2.3 NaCl胁迫下菌株JQ3的代谢组学分析
2.3.1 代谢物的PCA和OPLS-DA
采用LC-MS非靶向代谢组学方法,分析融合魏斯氏菌在无盐和含180 g/L NaCl培养条件下的胞内代谢物差异。样品原始采样数据经预处理后,共鉴定出1 423个代谢物,其中阳离子模式下853个代谢物、阴离子模式下570个代谢物。采用多元统计分析方法,评价组内样本的相似性和组间样本的差异性,结果如图3所示。PCA结果显示:在阳离子模式下,第一和第二主成分累计贡献值为79.24%(图3-a);在阴离子模式下为82.30%(图3-b),表明无盐组和有盐组具有独特的代谢特征。
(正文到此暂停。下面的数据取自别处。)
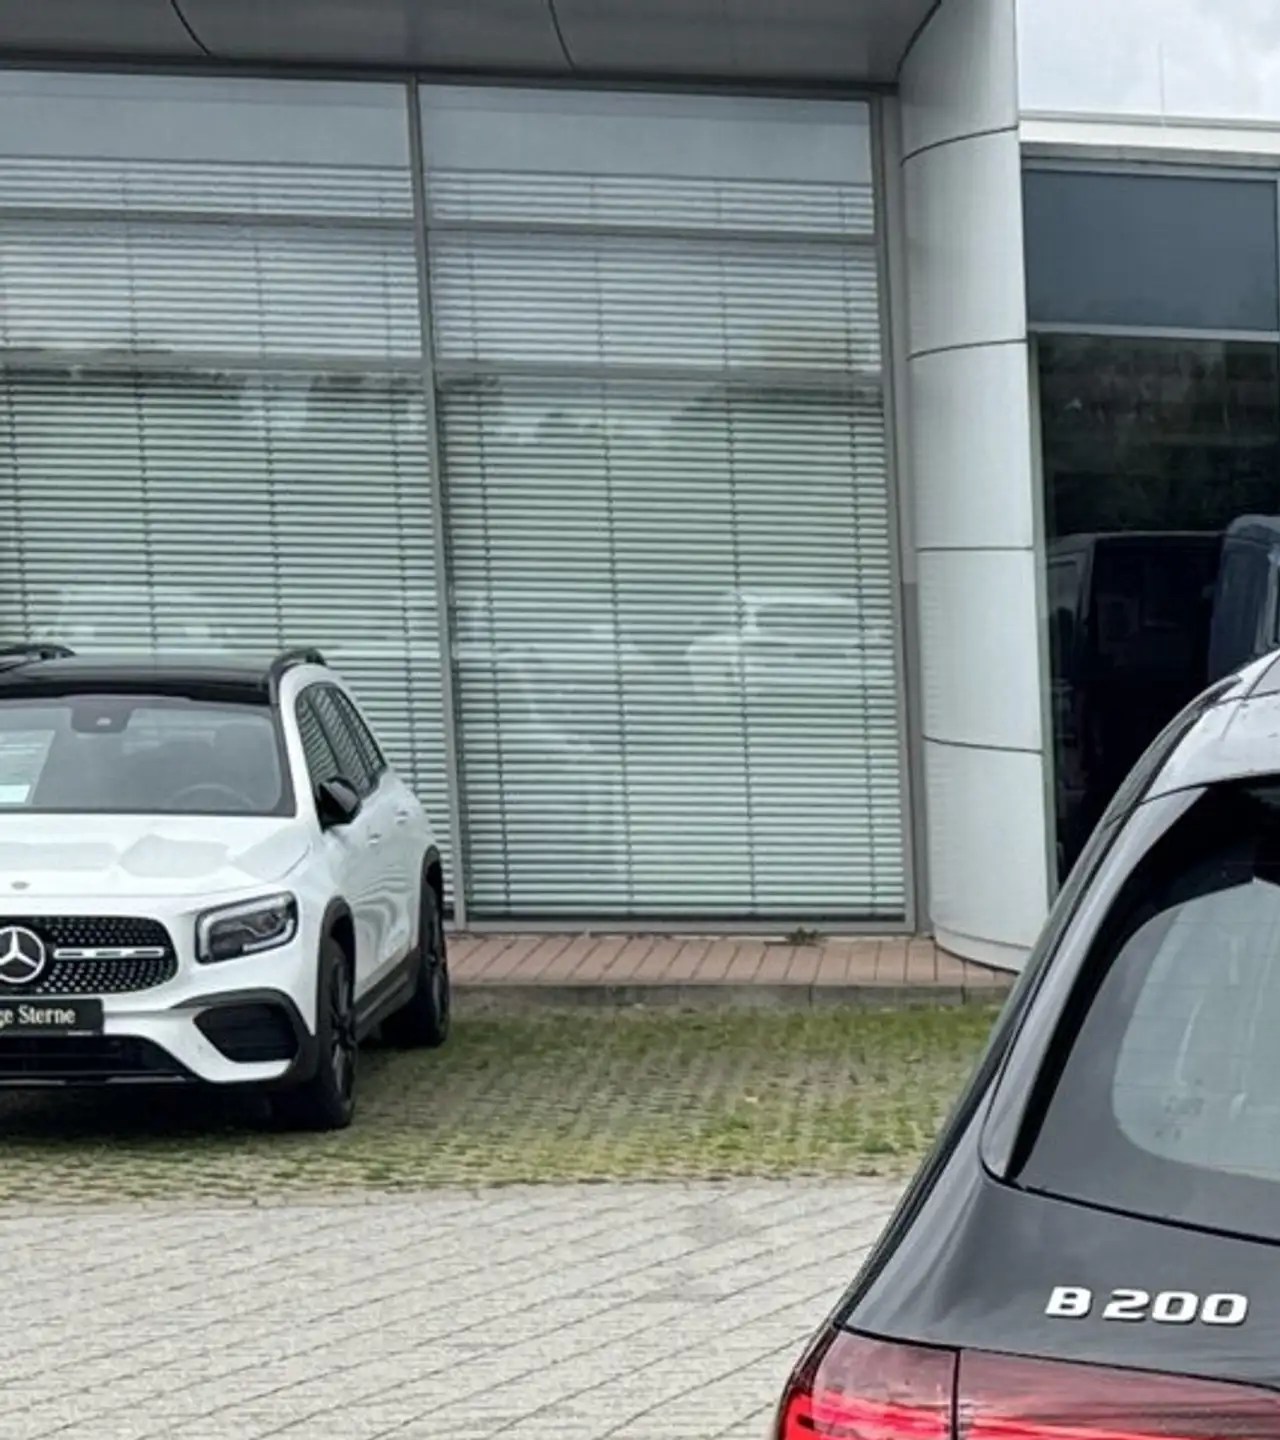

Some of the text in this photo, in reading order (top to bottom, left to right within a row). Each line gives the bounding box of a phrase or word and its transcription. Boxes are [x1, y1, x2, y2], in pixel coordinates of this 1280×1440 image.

[18, 1004, 76, 1025] Sterne
[1044, 1286, 1249, 1326] B 200
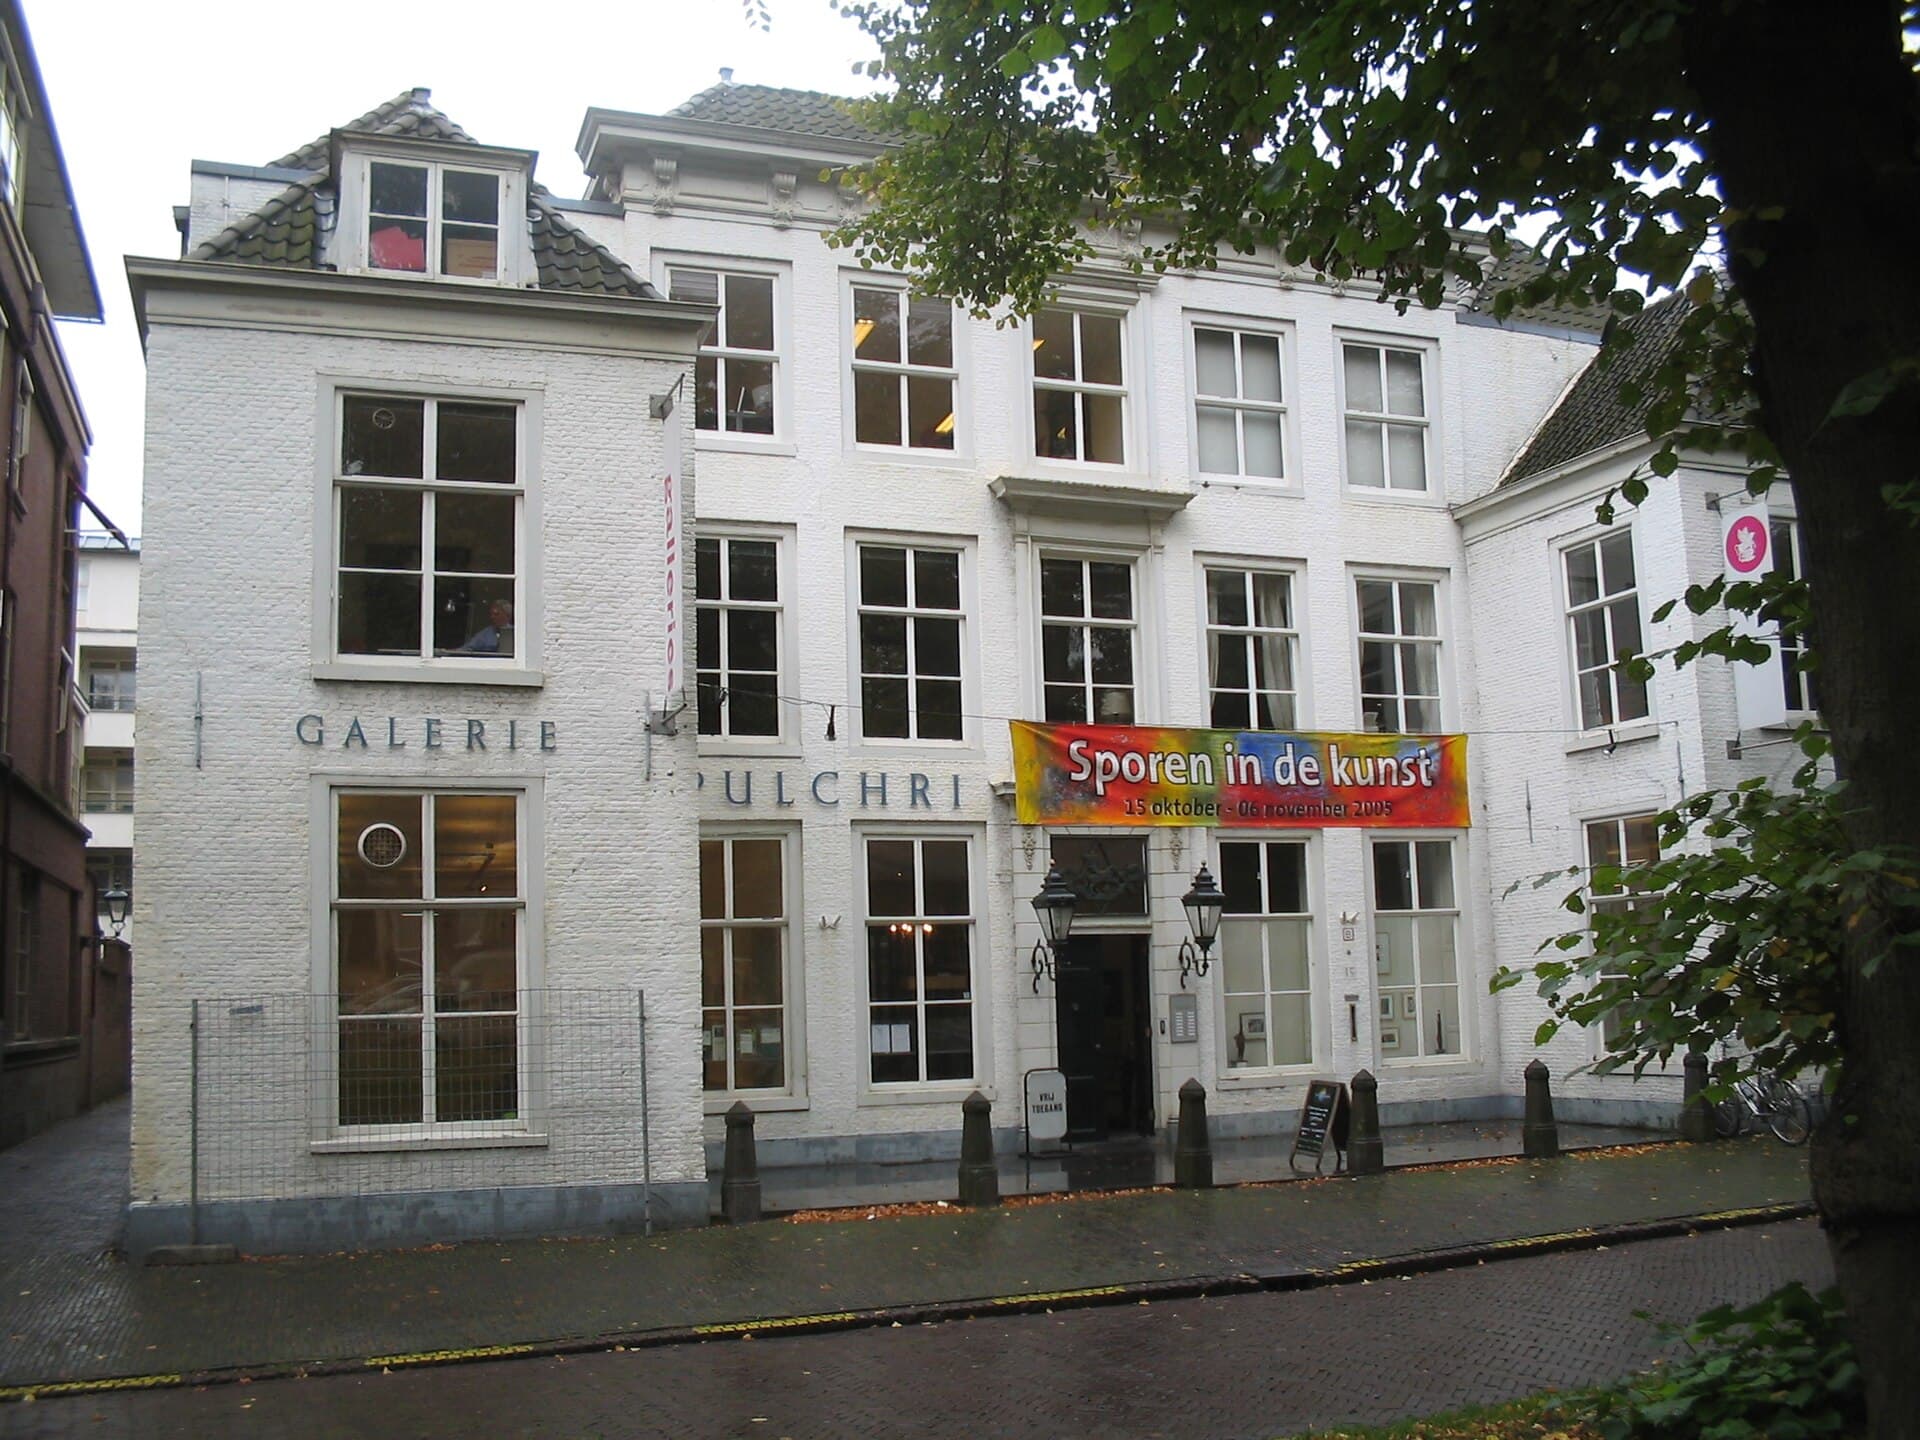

OPLS-DA结果显示:无盐组和有盐组分离趋势明显(图3-c和图3-d),在阳离子模式下模型对X矩阵的解释率R2X为0.784,对Y矩阵的解释率R2Y为0.982,模型的预测能力Q2为0.936;在阴离子模式下,R2X为0.814,R2Y为0.989,Q2为0.916,各指标都接近于1,表明模型稳定可靠,能较好地预测无盐组和有盐组菌株JQ3胞内差异代谢物。多元统计分析结果表明:180 g/L NaCl胁迫引起融合魏斯氏菌胞内代谢物变化,分析模型可用于后续差异代谢物筛选研究。
a-阳离子模式下PCA;b-阴离子模式下PCA;c-阳离子模式下OPLS-DA;d-阴离子模式下OPLS-DA
图3 盐胁迫下融合魏斯氏菌JQ3代谢轮廓分析
Fig.3 Metabolic profiling analysis of W.confusa JQ3 under salt stress
注:W0-无盐组;W18-有盐组(下同)。
2.3.2 差异代谢物筛选
以OPLS-DA模型的VIP>1、P<0.05、差异倍数>1为筛选标准,初步筛选出180 g/L NaCl胁迫条件下的差异代谢物,结果如图4所示。综合阳、阴离子2种扫描模式的分析结果发现,盐胁迫下共检测到545种差异代谢物,其中182种上调、363种下调。表明盐胁迫下,融合魏斯氏菌胞内代谢物发生改变,其差异代谢物的表达以下调为主。通过KEGG化合物分类,筛选的差异代谢物主要为碳水化合物、脂质、核酸和有机酸。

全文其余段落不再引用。